Evidence for The Keto Diet

What is the evidence for the Keto diet? Do the risks outweigh the benefits?

The Keto diet is incredibly popular. Passionate followers say they feel significantly better on the Keto diet, lose weight and even have better lab values. I have a few friends ( and readers of the Blooming Wellness blog) who tell me that their triglyceride levels lowered and their sugar is better controlled. And, they lost weight. Keto recipes and tips are all over the internet, as it’s a favorite diet of many wellness proponents.  Yet others claim there is more hype than health benefits to the Keto diet, and that it doesn’t really live up to its many claims. Who’s right? What does the evidence say? Are there long-term health concerns we should be highlighting more? How does it compare long-term to other well-studied diets, such as the Mediterranean Diet? ( That’s a diet that has been studied in many randomized controlled trials.)

Before anyone writes and asks me, I don’t follow the Keto diet. I mostly eat plant-based, however I do make some exceptions. The only diet I follow is Mindful Eating, which isn’t a diet at all. A lot of it is knowing when I’m actually hungry, eating when I’m hungry and not eating when I’m not hungry, rather than following an issued schedule for “feeding” times. That in itself has led to some helpful, yet bizarre, revelations.  Mindful eating is the only thing that works for me, and I still plan on writing a whole piece on how and why it works for me. I suppose I don’t eat much meat, because I don’t like to eat a lot of animal meat, and  I also try to follow an ethical eating plan, because I’m lucky enough to have that choice. I don’t have to eat just anything to survive.

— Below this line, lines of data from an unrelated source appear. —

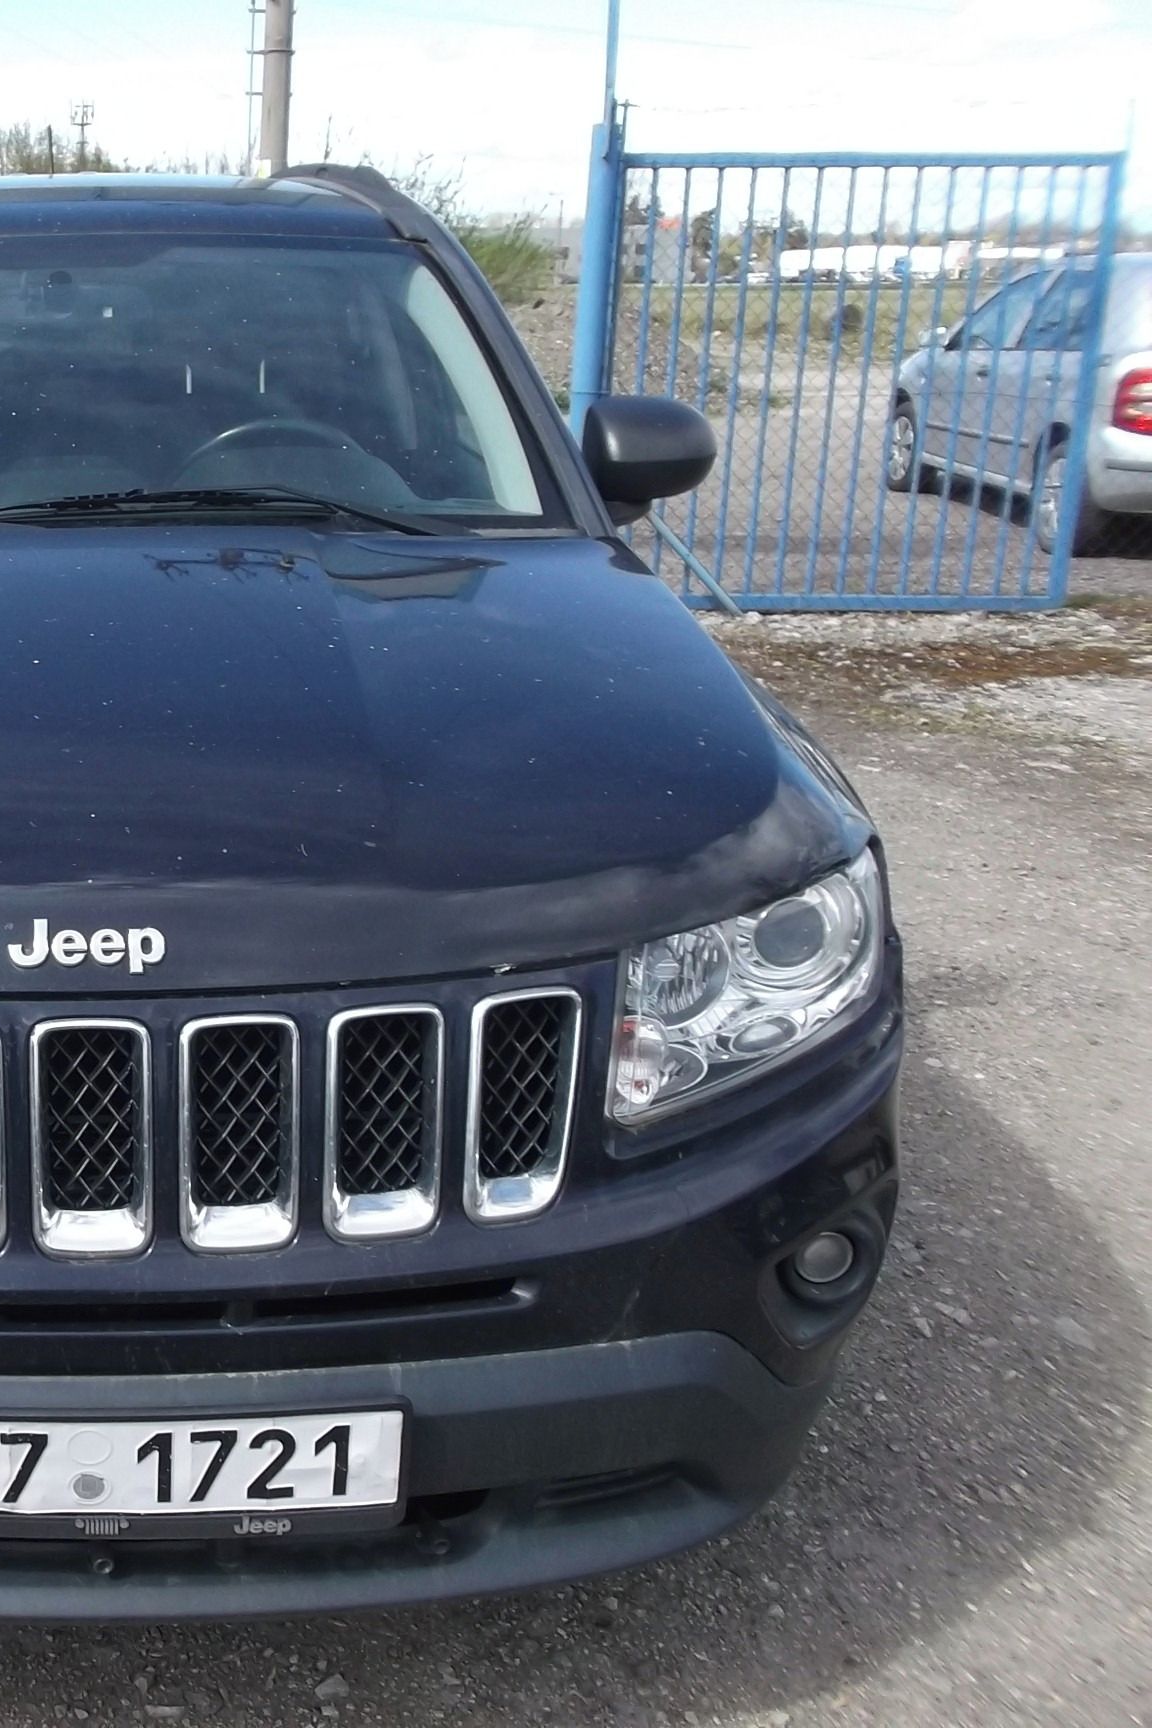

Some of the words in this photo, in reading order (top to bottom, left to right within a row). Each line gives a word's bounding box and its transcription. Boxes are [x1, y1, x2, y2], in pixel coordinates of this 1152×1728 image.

[7, 918, 166, 975] Jeep
[136, 1424, 352, 1503] 1721
[233, 1513, 292, 1536] Jeep
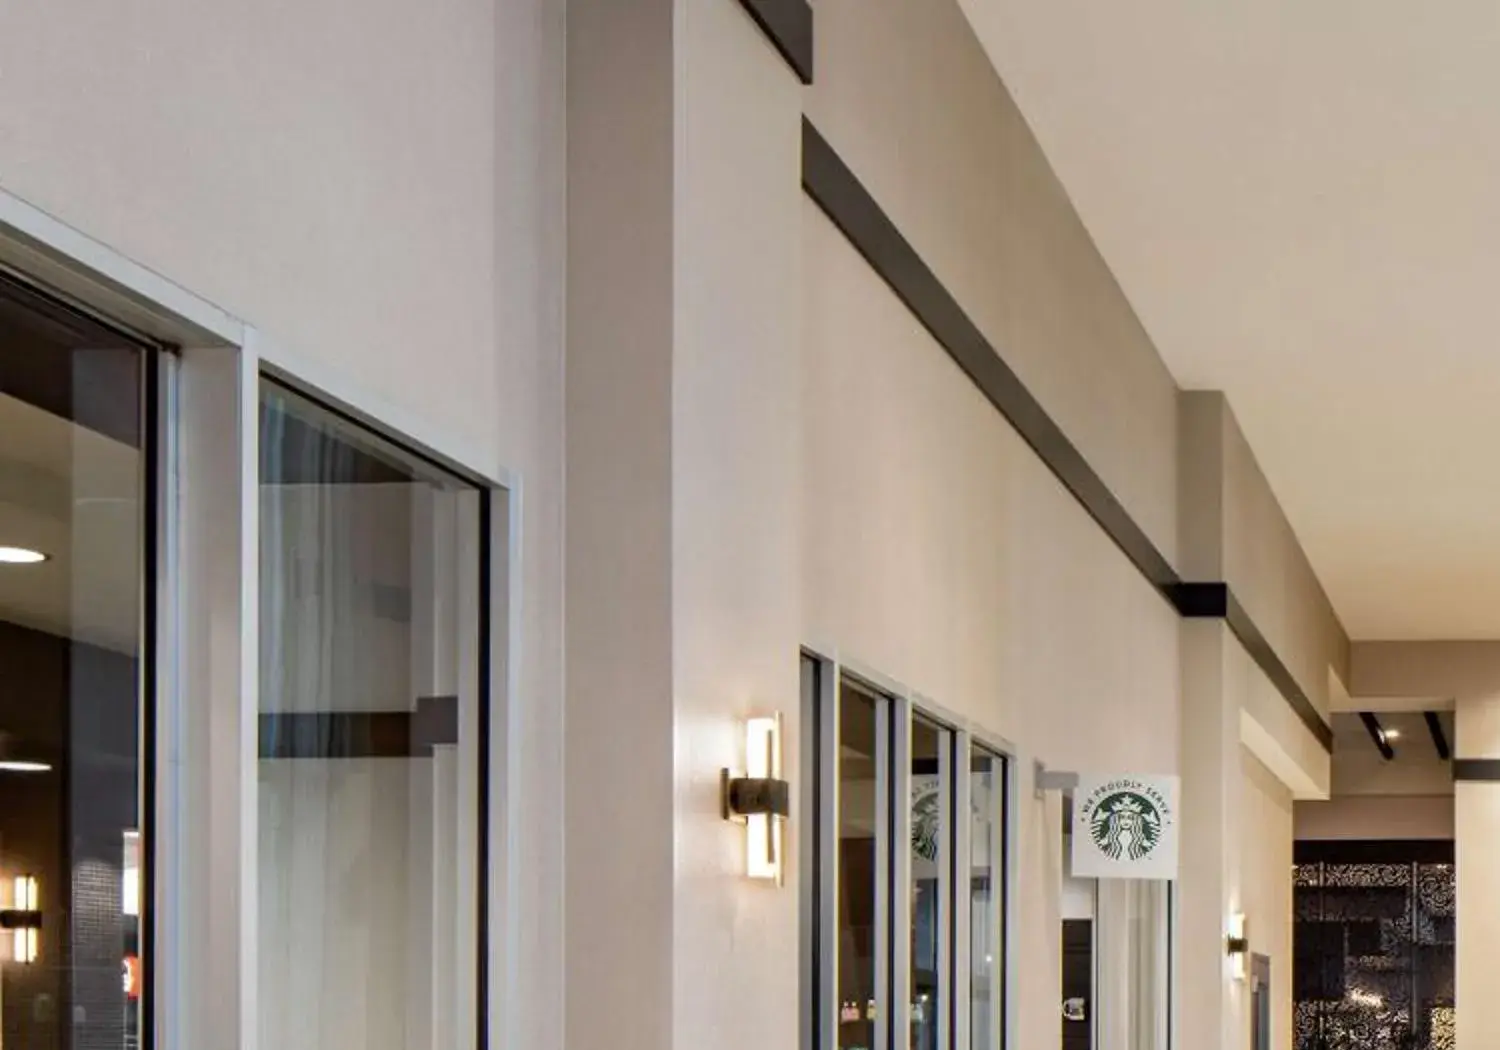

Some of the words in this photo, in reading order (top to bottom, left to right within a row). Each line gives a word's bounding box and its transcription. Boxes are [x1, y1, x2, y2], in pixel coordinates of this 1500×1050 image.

[1083, 798, 1094, 813] WE
[1094, 780, 1142, 797] PROUDLY
[1145, 786, 1169, 814] SERVE
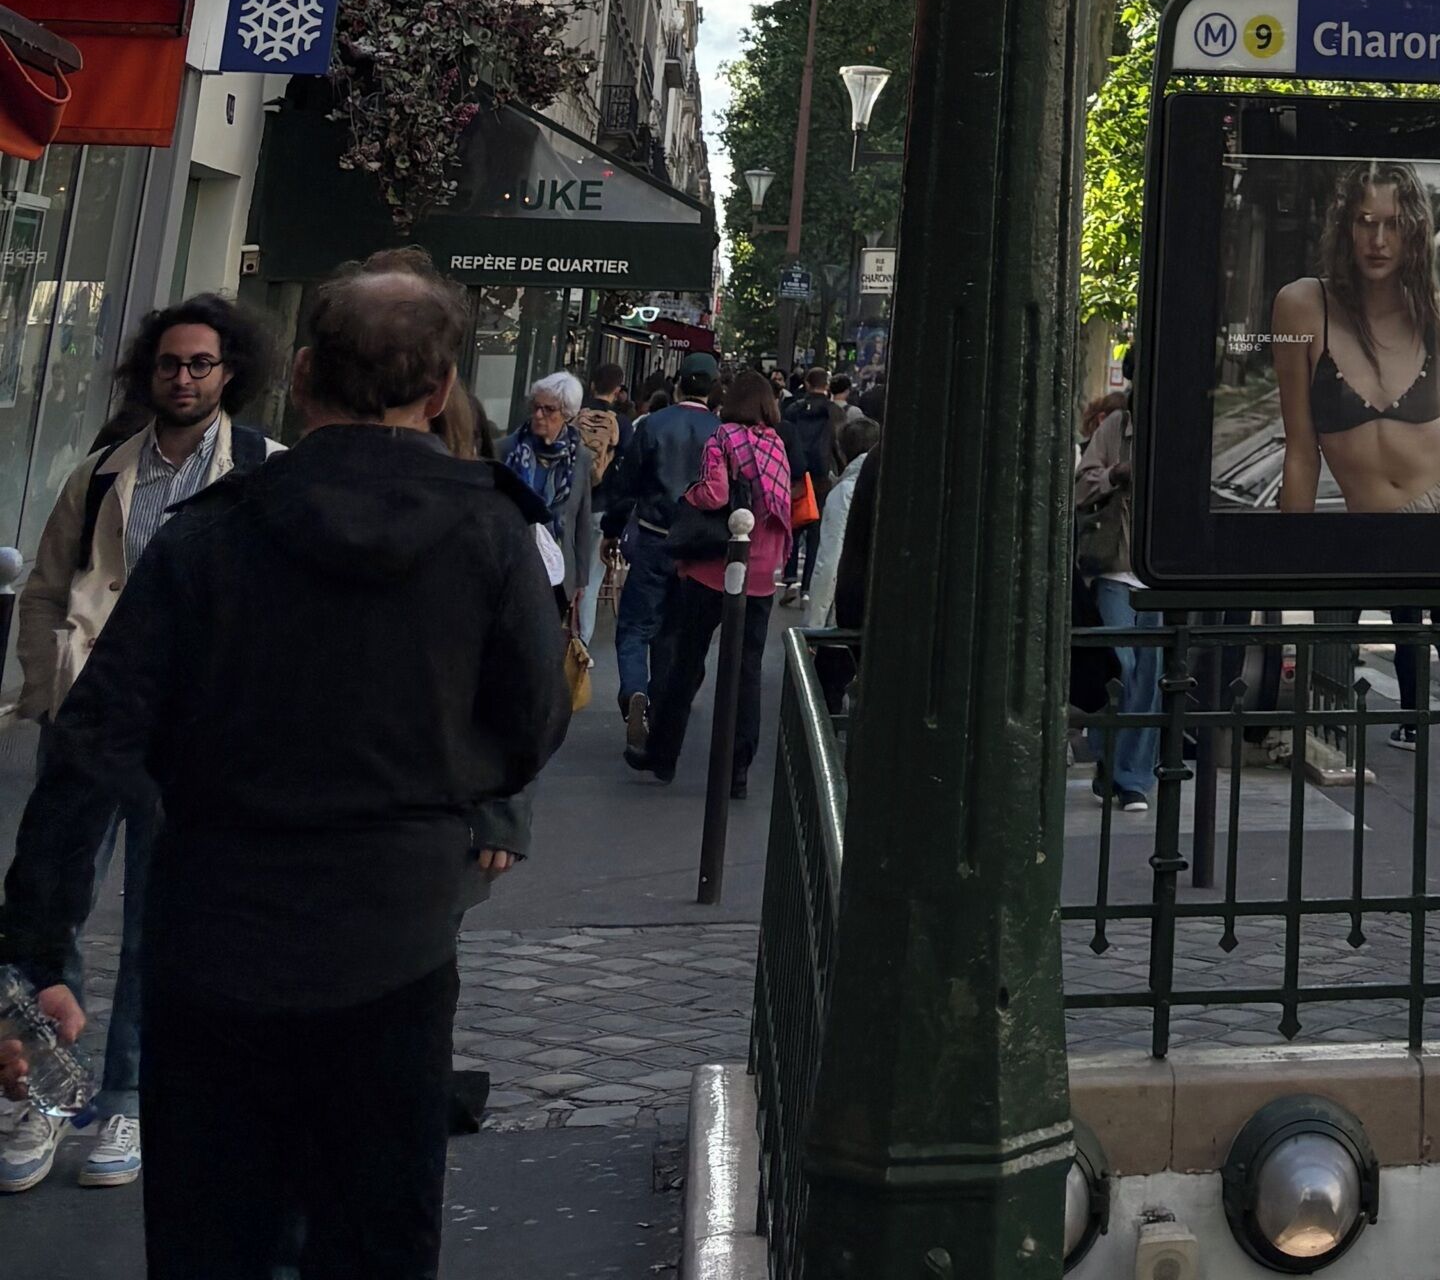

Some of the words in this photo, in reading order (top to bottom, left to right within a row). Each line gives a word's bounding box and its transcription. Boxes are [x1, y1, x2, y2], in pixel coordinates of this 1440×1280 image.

I eat organic, try to eat local, and I stay far, far away from anything that comes out of a factory farm. Those things are the epitome of Hell on Earth. I also don’t eat dairy much at all, unless it’s from a farm I trust and know is ethical- like the Hillside Dairy Farm in Trucksville, PA. I grew up adjacent to it ( quite literally) and they treat their cows like family. ( Thank God they did, because I probably would have broken in and freed all the cows if they didn’t.) Folks experiencing with new kinds of proteins, such as insects, have tried to get me excited about eating those, but I’m not there yet. I realize that protein sourced from insects is a logical approach to global food shortages, but I’d…you know, rather stick to my plants. One thing I know about diets is that each person has to figure out what works for him and her. If you have ten people in a room, I promise that they all have different diet patterns. Even in my own family, my mom follows a combination of the American Heart Association Diet and the Mediterranean Diet, my dad couldn’t eat fish if you paid him, my one sister doesn’t eat any red meat, and my other sister is a passionate, die-hard Vegan, who I believe is launching her own line of Vegan baked goods ( They are amazing.) We are all unique with different hang-ups, preferences, lifestyles and activity levels. Diets are easy in the short-term, right? We all can follow any diet for the short-term, but the trick is finding a diet that is healthy and one that we can maintain for the long-term. Okay, back to the evidence for the Keto diet, because my podcast guest is a really smart guy who dove into the evidence base.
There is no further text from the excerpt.